DNA tests can easily bring “skeletons out of the closest.” Family secrets are frequently exposed by DNA tests. The results may create moral, ethical, and even legal, questions.
One example of such “exposure” has been published in the MarketWatch web site. To be sure, MarketWatch isn’t known as a genealogy web site, a DNA web site, or even as a web site that publishes frequent legal articles. It is primarily a financial web site with a focus on the ethics and etiquette of financial affairs. However, a recent “letter to the editor” ticked multiple family relationship boxes: genealogy, DNA, and legal issues.
An unnamed reader asked:
“I recently found out through a DNA test through 23andMe that my ‘daughter’ isn’t mine. I was forced to marry, thinking the baby was mine. My wife passed away in 1990. Can I claim back child support from the biological father?”

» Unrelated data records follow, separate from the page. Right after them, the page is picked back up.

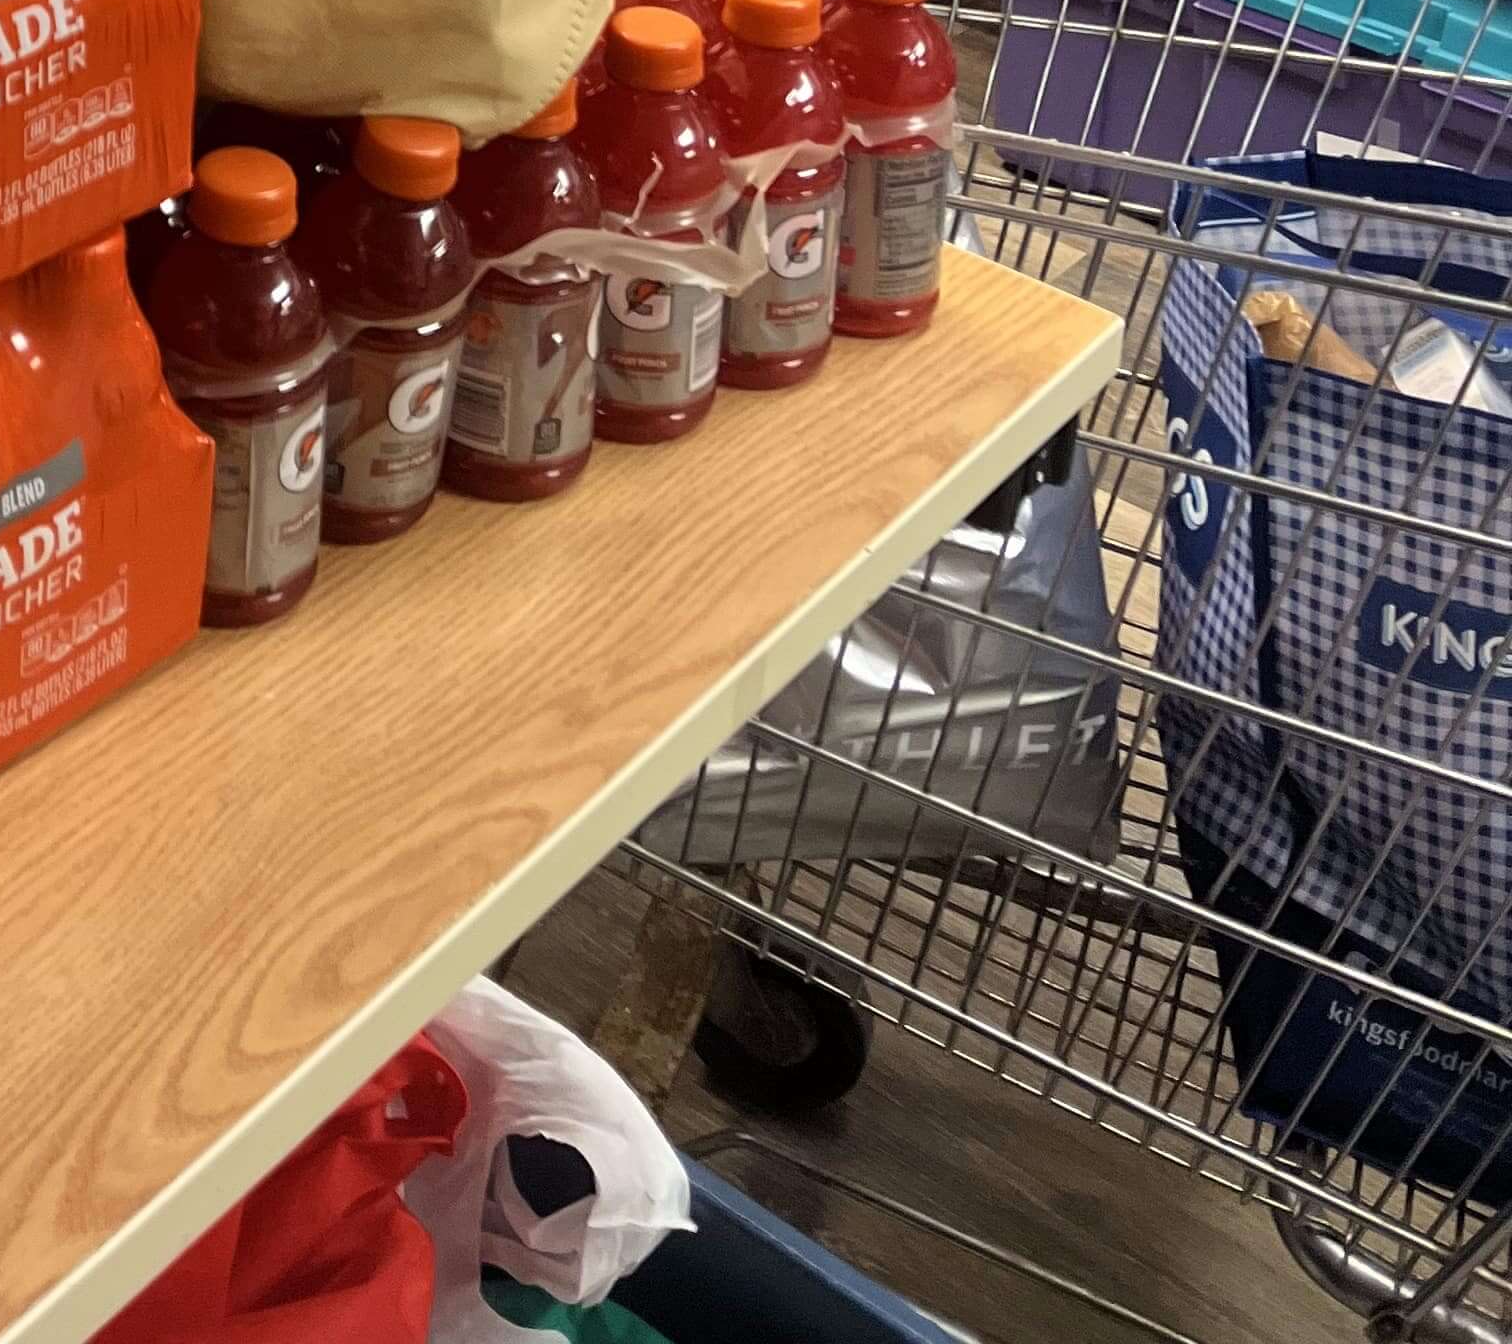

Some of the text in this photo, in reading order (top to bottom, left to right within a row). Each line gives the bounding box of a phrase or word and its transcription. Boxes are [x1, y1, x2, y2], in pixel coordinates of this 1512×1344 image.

[766, 210, 825, 280] G
[388, 361, 448, 434] G
[279, 406, 325, 494] G
[0, 475, 46, 519] BLEND
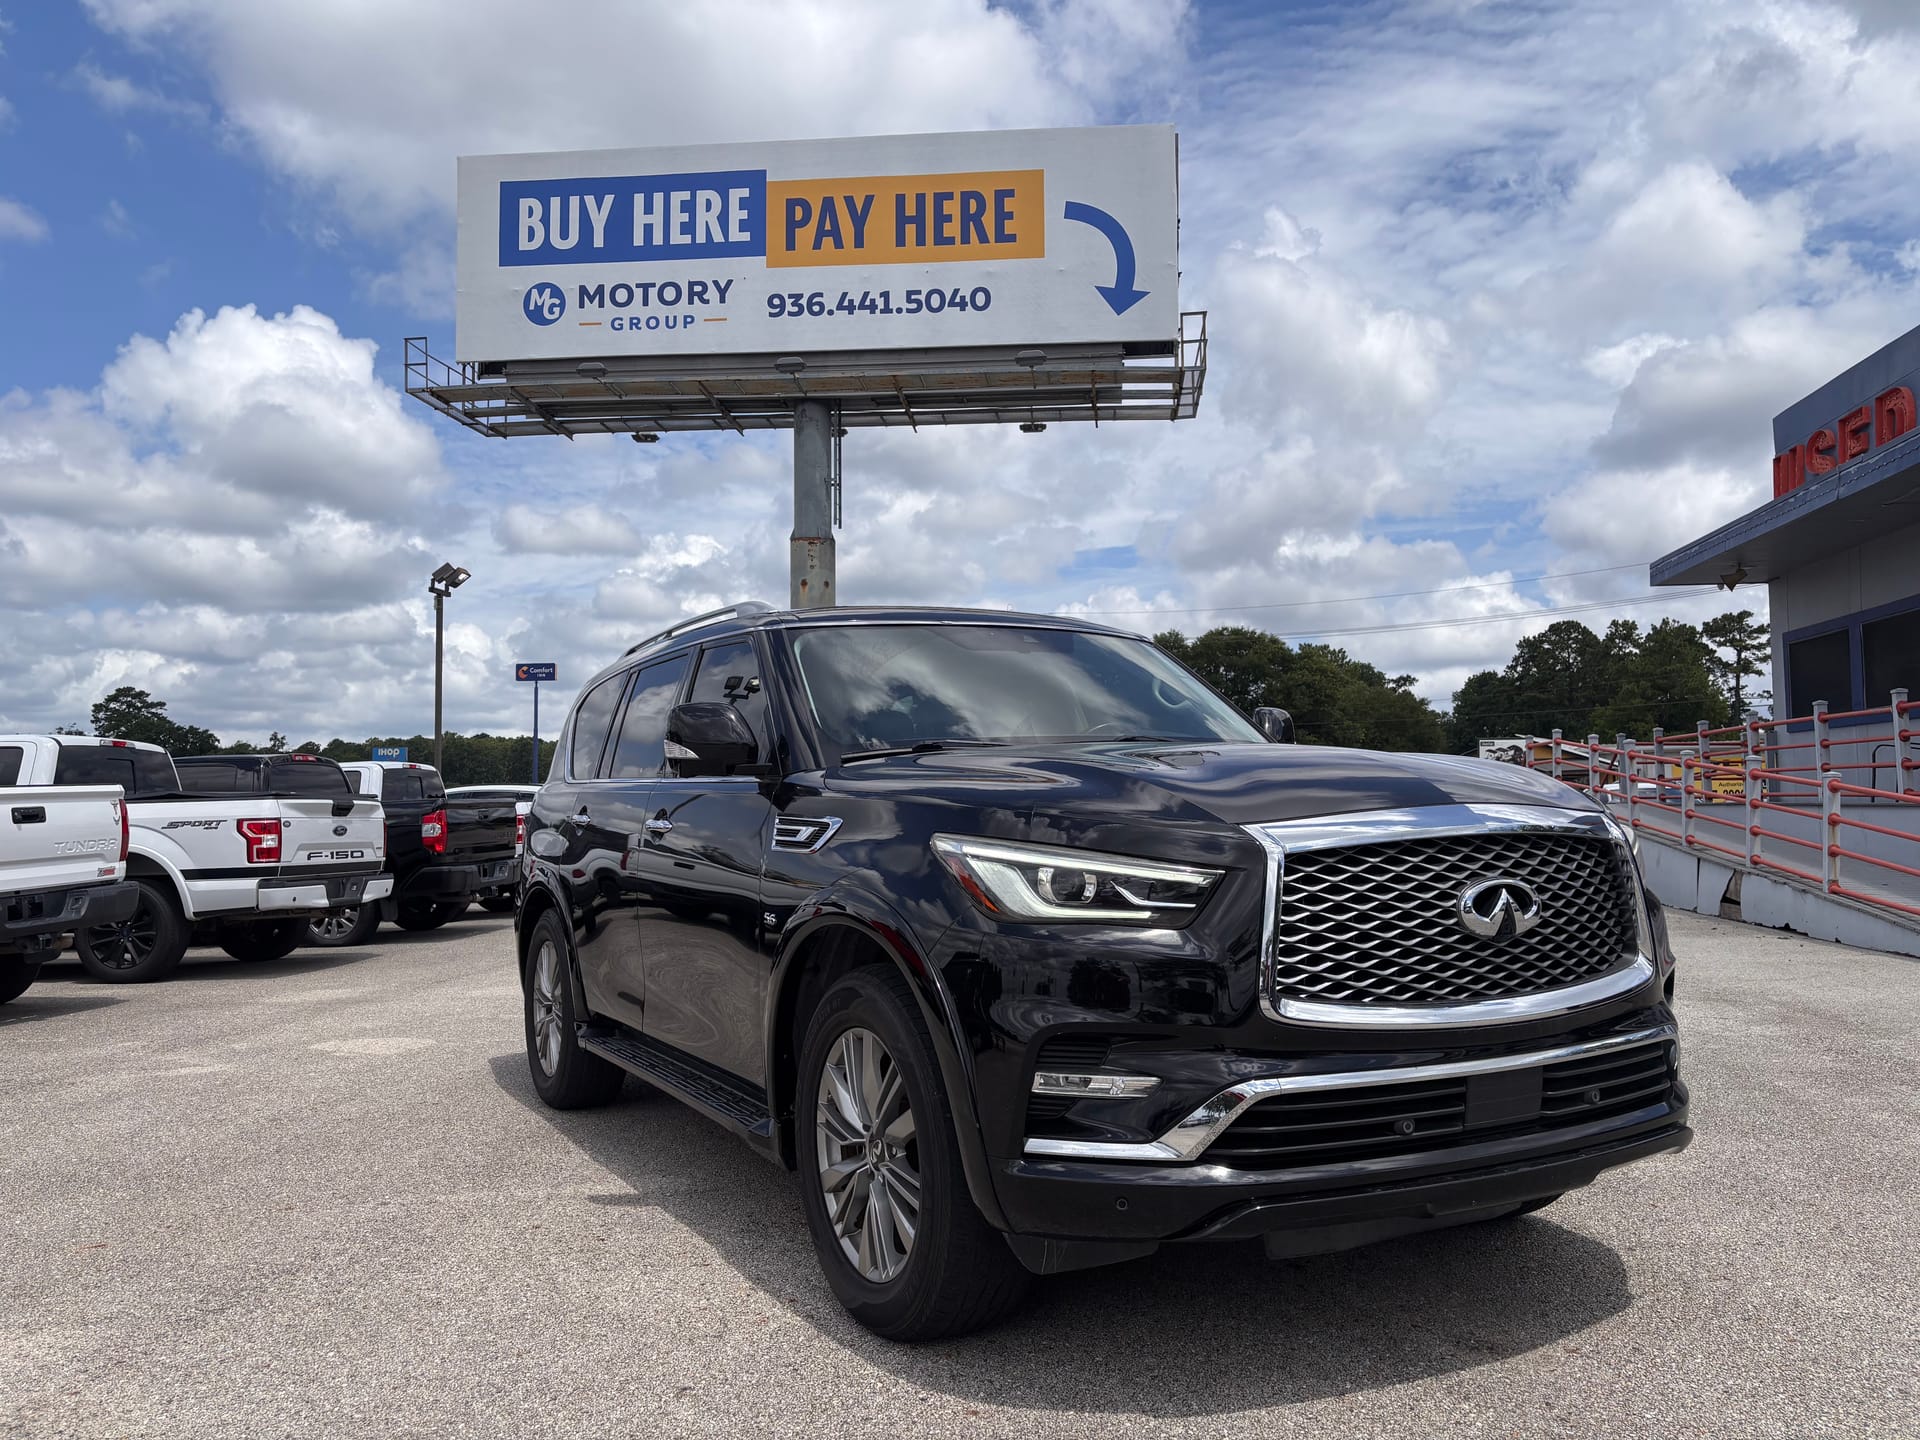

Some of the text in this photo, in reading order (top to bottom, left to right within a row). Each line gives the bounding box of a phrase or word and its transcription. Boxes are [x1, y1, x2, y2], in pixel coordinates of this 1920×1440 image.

MarketWatch’s personal-finance editor, Quentin Fottrell, responded with what I consider to be a well thought-out reply. However, the issue of “surprise relationships” raises all sorts of questions in my mind. Exactly what are the duties and responsibilities of anyone who unexpectedly is informed that he is or is not the parent of a child. Does he become financially responsible for the child’s upbringing and education? In the recent case, is a man who thought he was responsible for the child’s upbringing and education now relieved of such obligations? Can he seek reimbursement from the biological father (who perhaps was unaware that he had a child?)
What would YOU do if you received such unexpected “news?”
Such questions should keep attorneys busy for many more years!